The Negro Washerwoman

i was trying to find an appropriate place to say a few words on my Mom-mom and to perhaps educate the young'uns up here to some herstory that many of you may not even be aware of, that of the "negro" washerwoman.

My Mom-mom took in wash from a white family in addition to many other daily chores that she performed for them. She had a wringer-type washer, for those who have never seen one, it has an electric roller at the top and soapy water in a tub at the bottom. The clothes are washed out in the tub and then fed through the roller/wringer and repeated until clean. This wringer was responsible for many injuries/mutilations to our Sista-Mothas. They are then rinsed, fed through the wringer again, and then hung out on the line. Once dried, they are starched, ironed and piled high in wicker clothes baskets for delivery to the white family. Mom-mom would carry the basket, sometimes on her head, or put it in a wheelbarrow and wheel it up there, always bringing back a fresh load of dirty drawers, etc. from their house.

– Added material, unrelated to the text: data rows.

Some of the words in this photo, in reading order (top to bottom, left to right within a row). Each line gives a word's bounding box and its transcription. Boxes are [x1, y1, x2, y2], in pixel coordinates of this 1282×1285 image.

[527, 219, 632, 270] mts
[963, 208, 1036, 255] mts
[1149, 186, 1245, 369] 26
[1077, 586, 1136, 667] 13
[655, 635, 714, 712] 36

She'd cook entire meals for them that we could smell but not taste; altho she would always leave a little bit for us to eat later on. This family's children would come to Mom-mom's and call her by her first name, something that always deeply infuriated me. i thoroughly scolded them at her funeral, as they, now adults, were attempting to embrace me and share in my grief, but again referring to her by her first name. i put them in tears.

She spent her entire life in the service of others, her biggest regret being that she had never had a home of her own, having lived since her marriage to Pop-pop in her mother-in-law's home. She could cook the ish out of anything when there was seemingly nothing to cook (yea, we ate muskrats many a day!). Most of the times she fell asleep sitting up with her sewing basket in her lap, stitching up something or another. She loved her usher's uniform from church more than anything with a string of pearls (her's was always the whitest). She was the total caregiver of Pop-pop, a double amputee from diabetes, who would bang on the wall with his cane when he needed food, the bedpan, or whatever. She never had a speck of dirt anywhere in the house at anytime. Everyone at all was welcome there, even the "crazy lady" of the neighborhood and the rip-off insurance cracka could be found there eating her molasses cakes and drinking coffee.

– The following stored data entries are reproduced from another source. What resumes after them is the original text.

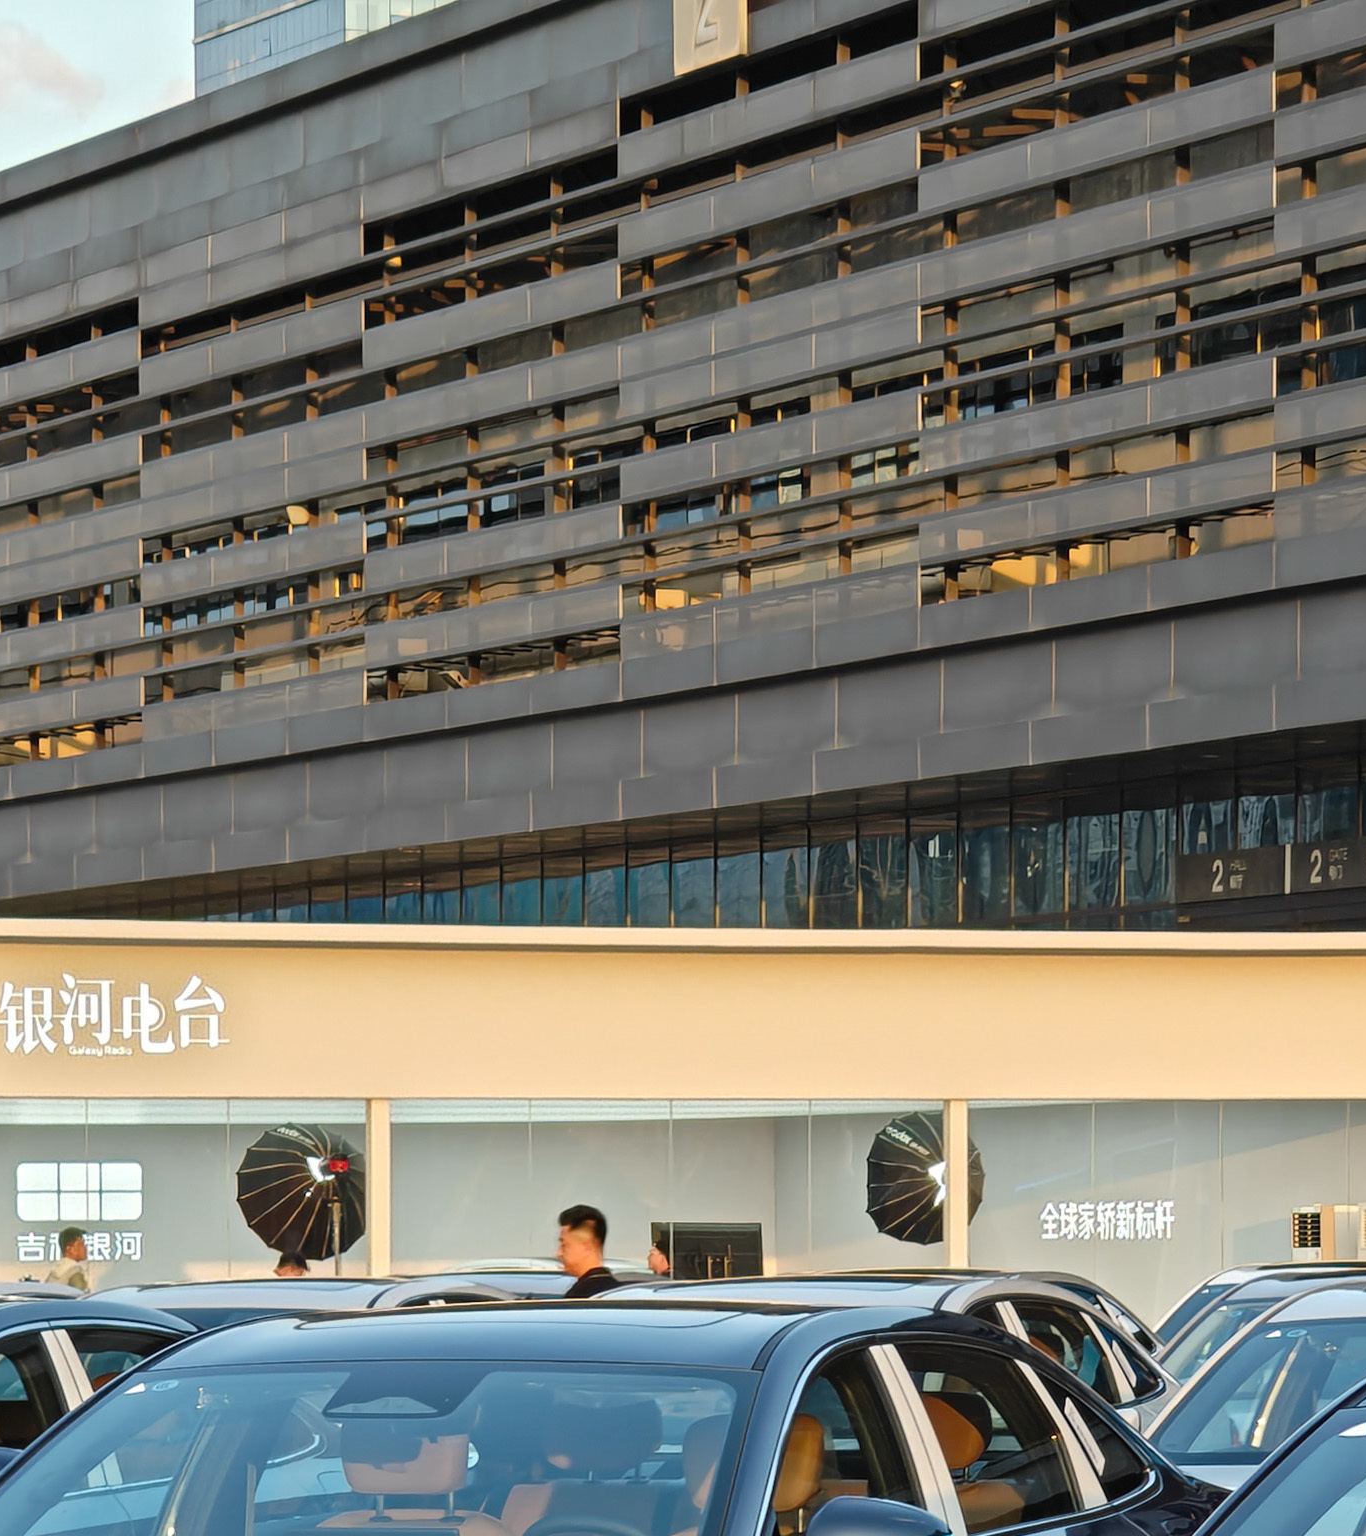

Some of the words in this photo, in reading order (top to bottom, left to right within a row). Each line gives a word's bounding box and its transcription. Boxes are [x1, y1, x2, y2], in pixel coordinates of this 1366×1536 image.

[1211, 859, 1224, 893] 2
[1310, 849, 1322, 884] 2
[68, 1045, 103, 1057] Galaxy
[104, 1045, 133, 1056] Radio
[1040, 1200, 1176, 1240] 全球家轿新标杆

One time a bee got caught up in my front plait and was stinging the hell out of my forehead. She pulled my plait apart until she could grab that bee and stomped it. i was pouting that no one was paying any attention to my forehead cuz Mom-mom was swelling up. Stupidly at the time i didn't realize that Mom-mom was allergic to bees and had actually known that a bee sting could mean death to her.

She would send me outside to get a switch from the tree and would switch at my legs until i hollered out, after which she would get upset and could hardly ever continue. She would just send me upstairs and throw the switch outside, i would feel real bad cuz she would be so upset.

The only other times she allowed me to see her upset was when we imported the violence of our household into her house, either via tales of my father and the visible scars/bruises, or when he would barge in there drunk as a skunk and itching for a fight. She could back him down with her LOUD VOICE, a voice she never, ever otherwise used.

She was a queen, period.

A great swart cheek and the gleam of tears,
The flutter of hopes and the shadow of fears,
And all day long the rub and scrub
With only a breath betwixt tub and tub.
Fool! Thou hast toiled for fifty years
And what hast thou now but thy dusty tears?
In silence she rubbed ... But her face I had seen,
Where the light of her soul fell shining and clean.